The Longest Day, Communing with Nature and Other Diatribes

The longest day of the year is not until Tuesday, June 21st – but I will be celebrating it in a couple of ways today. First, there is the Revels North Summer Solstice Festival – a free event that takes place in Norwich that usually draws 1000 or more participants. There’s singing and dancing, food and crafts. Most of all there’s an awareness of the season and a sharing of the awareness of the moment through song with a bunch of friends. Thanks Revels for making it all possible!

Tonight, there’s a summer party at Jo Jo’s, which is another type of communion for me. There’s only a few things that top getting on stage and playing extended jams into the night with my rock star brothers. There’s a place we go where I swear we converse. Not with words, but with notes and volume dynamics. The audience picks up on the conversation too, and becomes a bigger part of the sharing. Together we channel the energy back out to the universe.

Helen and I sing in the St. James Church choir in Woodstock, so we go to church A LOT. Every Sunday, I spend time trying to figure out what communion is all about. Today, I will commune with my friends with a stomp on the ground and a shout to the sky. That’s how I’ll celebrate the height of the summer solstice. I’ll leave church to tomorrow.

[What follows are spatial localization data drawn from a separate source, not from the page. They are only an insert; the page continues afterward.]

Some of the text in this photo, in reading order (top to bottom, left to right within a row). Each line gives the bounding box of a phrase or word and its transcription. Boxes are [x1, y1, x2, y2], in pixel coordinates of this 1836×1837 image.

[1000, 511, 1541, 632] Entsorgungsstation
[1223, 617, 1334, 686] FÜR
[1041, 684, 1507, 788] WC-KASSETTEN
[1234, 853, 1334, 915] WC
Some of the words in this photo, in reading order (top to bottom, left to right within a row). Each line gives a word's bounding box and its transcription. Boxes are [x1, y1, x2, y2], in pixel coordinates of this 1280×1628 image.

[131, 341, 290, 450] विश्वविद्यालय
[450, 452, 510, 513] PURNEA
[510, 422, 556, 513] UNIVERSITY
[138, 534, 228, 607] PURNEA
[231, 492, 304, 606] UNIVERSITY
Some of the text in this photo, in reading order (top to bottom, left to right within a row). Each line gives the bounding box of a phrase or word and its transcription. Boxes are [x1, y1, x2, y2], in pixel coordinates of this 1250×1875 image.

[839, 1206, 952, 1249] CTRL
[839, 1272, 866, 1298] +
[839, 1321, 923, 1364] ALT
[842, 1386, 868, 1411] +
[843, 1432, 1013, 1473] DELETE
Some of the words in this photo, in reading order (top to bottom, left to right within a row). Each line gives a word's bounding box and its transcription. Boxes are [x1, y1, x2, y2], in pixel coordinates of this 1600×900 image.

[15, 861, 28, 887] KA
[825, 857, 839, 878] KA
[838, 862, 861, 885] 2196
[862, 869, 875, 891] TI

Morning On the Ottauquechee

Ottauquechee River during ice-out, April 2005

We live across the street from the Ottauquechee River. It’s a popular trout-fishing spot and several fishing guides lead their charges to it during spring, summer and fall. We watch them park across the street; friends know they can park in our driveway.

One of the guides, Marty Banak of Wilderness Trails, has beaten a path through the brush down to the water’s edge. I’m leery of the brush. Our first summer here I developed a whopping case of poison ivy after a walk down there.

During the summer, you can barely see the river from our front porch, but you can hear it. During the winter, it is quite visible. But it is silent. We always know spring has truly arrived the first night we lie in bed and can hear the rush of the waters after ice-out.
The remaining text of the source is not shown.